Sortira, sortira pas?

Diners annulés parce que soudainement l’idée de réunir 15 personnes nous semblait indécente et dangereuse. Amis invisibles cloitrés chez eux et incapables de sortir dans la rue. Hôtes effrayés à l’idée de laisser entrer le virus dans leur maison.

J’ai vu sur Zoom mes amies chéries se réfugier en famille dans tous les coins de France. Nos apéros à 18h (pour moi, 12h pour elles…), alcoolisés sur mon bureau mais en solo. Leurs enfants ont parfois voulu jouer «confinement entre potes» dans de grandes maisons à la campagne, mais au bout de 5 jours, les éviers sales et la promiscuité ont eu raison de ces jolis projets. Et hop retour à la maison. Certaines ont eu le bon réflexe d’organiser la tournante des responsabilités. A défaut d’aller à l’école, on apprend à gérer la maison. L’époque est pleine de surprises.

Personne ne fait plus de projet, personne ne sait ce qu’il aura le droit de faire dans un mois ou deux.

Les rumeurs les plus improbables courent. Beaucoup pensent qu’il n’y a plus d’avion et que nous allons devoir rester sur place les prochaines années.

Nos jeunes visiteurs ont fini par rentrer chez leurs parents après quatre semaines à se faire dorloter à la maison. Leurs séances de squats et d’abdos confinées ont donné de très bons résultats.

Tous confinés!

Mes filles ont appris à tricoter, passé toute leur garde robe au tie-dye et organisent un ciné-club chaque soir.

Et puis la nouvelle est tombée: après 2 semaines et demi de circuit breaker, Singapour, non satisfait des résultats a décidé de remettre un coup de vis et a ajouté 4 semaines à nos semaines initiales

NOUS SOMMES REPARTIS POUR UN GRAND TOUR DE NOTRE MAISON…

Mes ainées ont envie de participer. Avoir des projets leur manque.

Une idée a commencé à germer: l’agriculture. Voilà un secteur d’avenir. Tout le monde a faim et au cours de ces longues semaines, des graines d’étoilés Michelin ont vu le jour dans tous les foyers. 

Elles sont parties ramasser des fruits dans le Vaucluse: comme travailleurs indispensables, elles ne subiront pas un confinement trop fort et auront une expérience incroyable à raconter à leurs enfants. Fini les summer-camps et les séjours de langues, adieux les petits anglais, le tourisme et les stages aux Glénans. Cette année on va faire des choses vraiment utiles.

Nous réunissons des boites de masques à distribuer à la famille et aux amis qui en manquent cruellement en France. Nous répétons en boucle les gestes barrières et en inventons d’autres à l’occasion. Il ne s’agit pas de prendre des risques. 

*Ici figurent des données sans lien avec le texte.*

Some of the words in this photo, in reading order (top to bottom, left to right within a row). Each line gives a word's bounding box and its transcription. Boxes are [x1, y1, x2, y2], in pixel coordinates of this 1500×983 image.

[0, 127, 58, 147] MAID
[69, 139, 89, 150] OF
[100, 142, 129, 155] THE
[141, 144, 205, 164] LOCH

Les quelques avions qui volent encore sont vides. 

Elles se sont envolées

Pour la « petite » dernière c’est différent. Elle prend goût à l’école à la maison: plus de bus scolaire, plus de réveil à 6 heures, plus de copines et de secrets partagés. 

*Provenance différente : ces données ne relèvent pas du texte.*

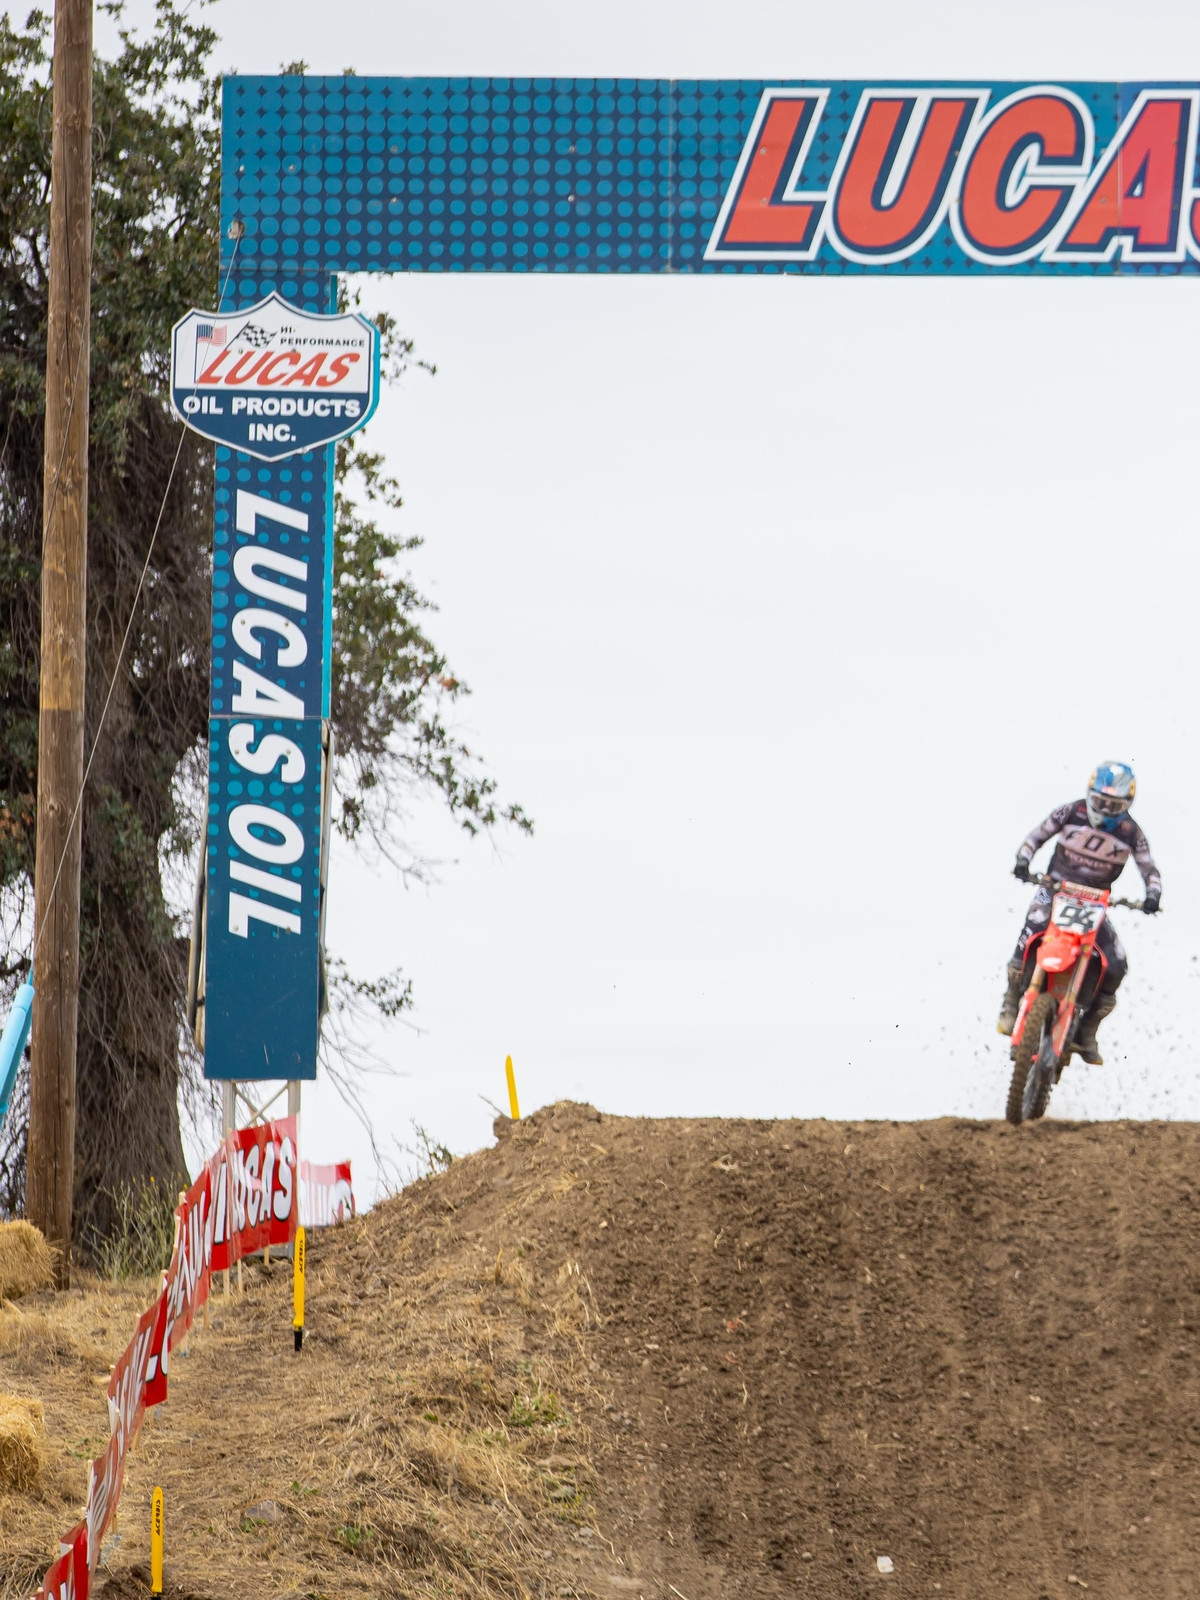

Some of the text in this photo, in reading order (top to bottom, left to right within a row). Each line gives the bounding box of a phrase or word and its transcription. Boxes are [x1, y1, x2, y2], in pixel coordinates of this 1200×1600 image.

[280, 338, 365, 347] PERFORMANCE
[196, 350, 361, 387] LUCAS
[183, 396, 361, 418] OIL PRODUCTS
[248, 423, 297, 442] INC.
[227, 488, 309, 939] LUCAS OIL

Et avec le Brevet cette année, pas d’examen mais une note d’assiduité donc nous serons fidèles au poste jusqu’au dernier jour.

Pour se distraire, il lui reste de grandes balades en ville. En solitaire masque sur le nez, afin de ne pas se faire verbaliser. Elle apprend Singapour par coeur à défaut de socialiser. Nous n’avons plus le droit de sortir en groupe ni même en famille. Mais dans le centre de Singapour où nous habitons, les rues sont désertes et nous pouvons encore marcher sans compter et parfois nous offrir une partie de badminton sur un parking vide.

Avec son groupe d’amies elles organisent des soirées ciné pyjama zoom chacune chez soi, le monde est à nous!

EN EUROPE VOUS PARLEZ DE RETROUVER VOTRE LIBERTÉ. CHEZ NOUS C’EST LE CONTRAIRE QUI SE PASSE.

Singapour veut éradiquer la maladie jusqu’au dernier cas. 

Je ne pourrai bientôt plus joindre mes chères amies sur les réseaux sociaux, elles seront retournées à leur vie et à leurs activités trépidantes.

PENDANT CES QUELQUES SEMAINES NOUS AVONS VÉCU PRESQUE EN SYMBIOSE, TOUS CONFINÉS TOUT AUTOUR DE LA TERRE.